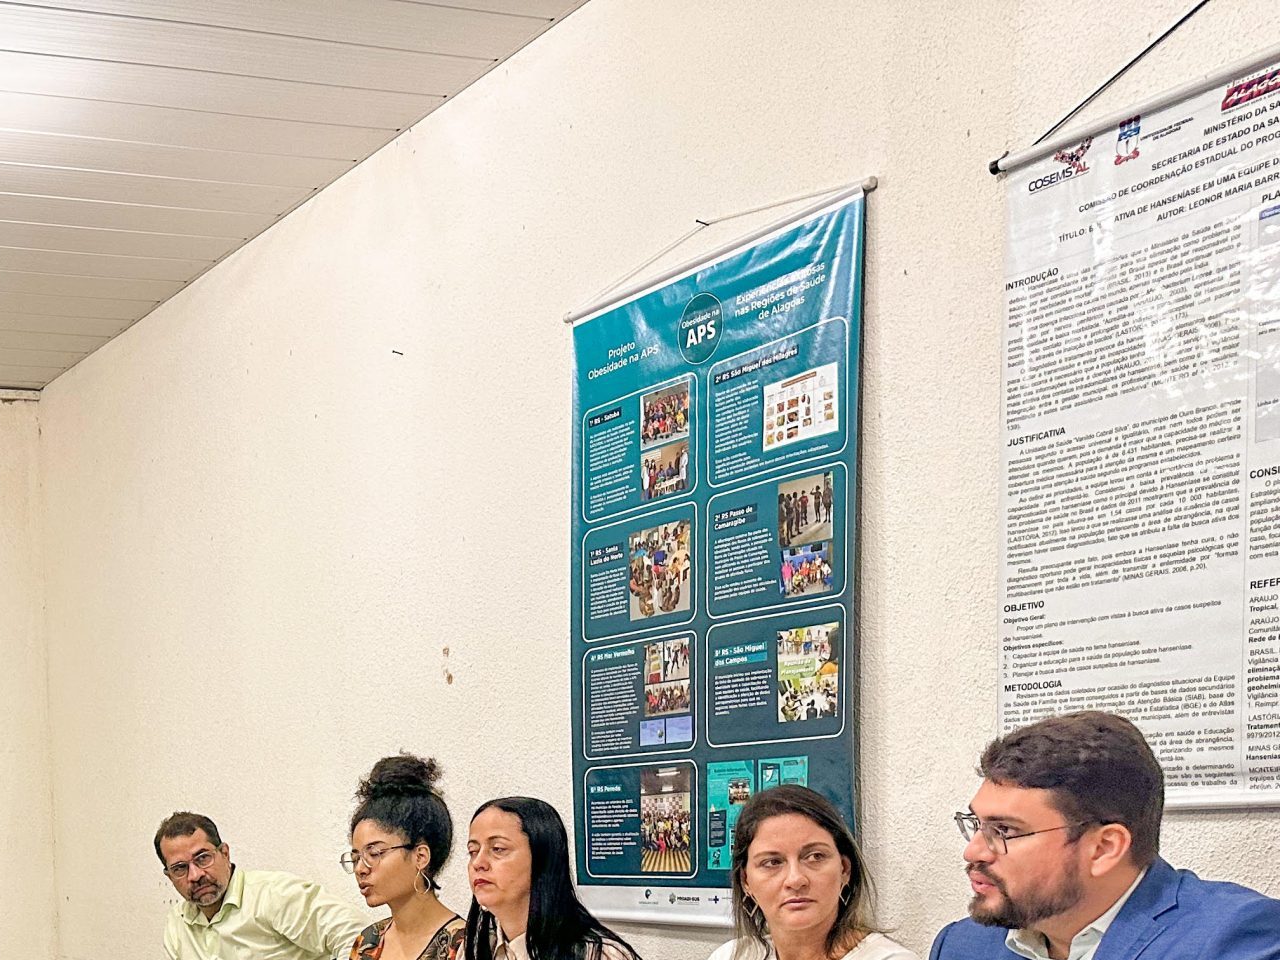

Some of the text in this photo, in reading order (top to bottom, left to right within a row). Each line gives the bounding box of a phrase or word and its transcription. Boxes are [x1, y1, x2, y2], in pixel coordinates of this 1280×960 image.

[1203, 110, 1252, 138] MINISTÉRIO
[1254, 105, 1267, 117] DA
[1151, 144, 1200, 172] SECRETARIA
[1202, 139, 1214, 151] DE
[1216, 125, 1250, 147] ESTADO
[1252, 120, 1265, 132] DA
[1028, 169, 1073, 191] COSEMS
[1118, 187, 1128, 197] DE
[1131, 161, 1192, 193] COORDENAÇÃO
[1195, 144, 1237, 169] ESTADUAL
[1240, 139, 1253, 151] DO
[1114, 207, 1136, 223] ATIVA
[1137, 203, 1148, 214] DE
[1150, 182, 1200, 210] HANSENÍASE
[1202, 180, 1214, 190] EM
[1217, 172, 1235, 186] UMA
[1238, 159, 1270, 178] EQUIPE
[1156, 204, 1186, 221] AUTOR:
[1188, 191, 1222, 210] LEONOR
[1224, 181, 1252, 197] MARIA
[1005, 267, 1058, 291] INTRODUÇÃO
[735, 305, 750, 318] nas
[751, 290, 785, 311] Regiões
[758, 295, 805, 320] de Alagoas
[681, 308, 720, 329] Obesidade na
[686, 320, 716, 348] APS
[588, 344, 659, 380] Obesidade na APS
[608, 341, 635, 360] Projeto
[742, 361, 761, 373] Miguel
[1007, 427, 1065, 447] JUSTIFICATIVA
[715, 517, 746, 530] Camaragibe
[1003, 601, 1044, 613] OBJETIVO
[733, 645, 744, 654] São
[744, 642, 765, 653] Miguel
[1004, 680, 1062, 693] METODOLOGIA
++++++++++++++++++++
- **REQUIRED ACTION**
Could you reproduce the entries verbatim, leaving out all pictures?

- **RESULT**
Some of the text in this photo, in reading order (top to bottom, left to right within a row). Each line gives the bounding box of a phrase or word and its transcription. Boxes are [x1, y1, x2, y2], in pixel coordinates of this 1280×960 image.

[1203, 110, 1252, 138] MINISTÉRIO
[1254, 105, 1267, 117] DA
[1151, 144, 1200, 172] SECRETARIA
[1202, 139, 1214, 151] DE
[1216, 125, 1250, 147] ESTADO
[1252, 120, 1265, 132] DA
[1028, 169, 1073, 191] COSEMS
[1118, 187, 1128, 197] DE
[1131, 161, 1192, 193] COORDENAÇÃO
[1195, 144, 1237, 169] ESTADUAL
[1240, 139, 1253, 151] DO
[1114, 207, 1136, 223] ATIVA
[1137, 203, 1148, 214] DE
[1150, 182, 1200, 210] HANSENÍASE
[1202, 180, 1214, 190] EM
[1217, 172, 1235, 186] UMA
[1238, 159, 1270, 178] EQUIPE
[1156, 204, 1186, 221] AUTOR:
[1188, 191, 1222, 210] LEONOR
[1224, 181, 1252, 197] MARIA
[1005, 267, 1058, 291] INTRODUÇÃO
[735, 305, 750, 318] nas
[751, 290, 785, 311] Regiões
[758, 295, 805, 320] de Alagoas
[681, 308, 720, 329] Obesidade na
[686, 320, 716, 348] APS
[588, 344, 659, 380] Obesidade na APS
[608, 341, 635, 360] Projeto
[742, 361, 761, 373] Miguel
[1007, 427, 1065, 447] JUSTIFICATIVA
[715, 517, 746, 530] Camaragibe
[1003, 601, 1044, 613] OBJETIVO
[733, 645, 744, 654] São
[744, 642, 765, 653] Miguel
[1004, 680, 1062, 693] METODOLOGIA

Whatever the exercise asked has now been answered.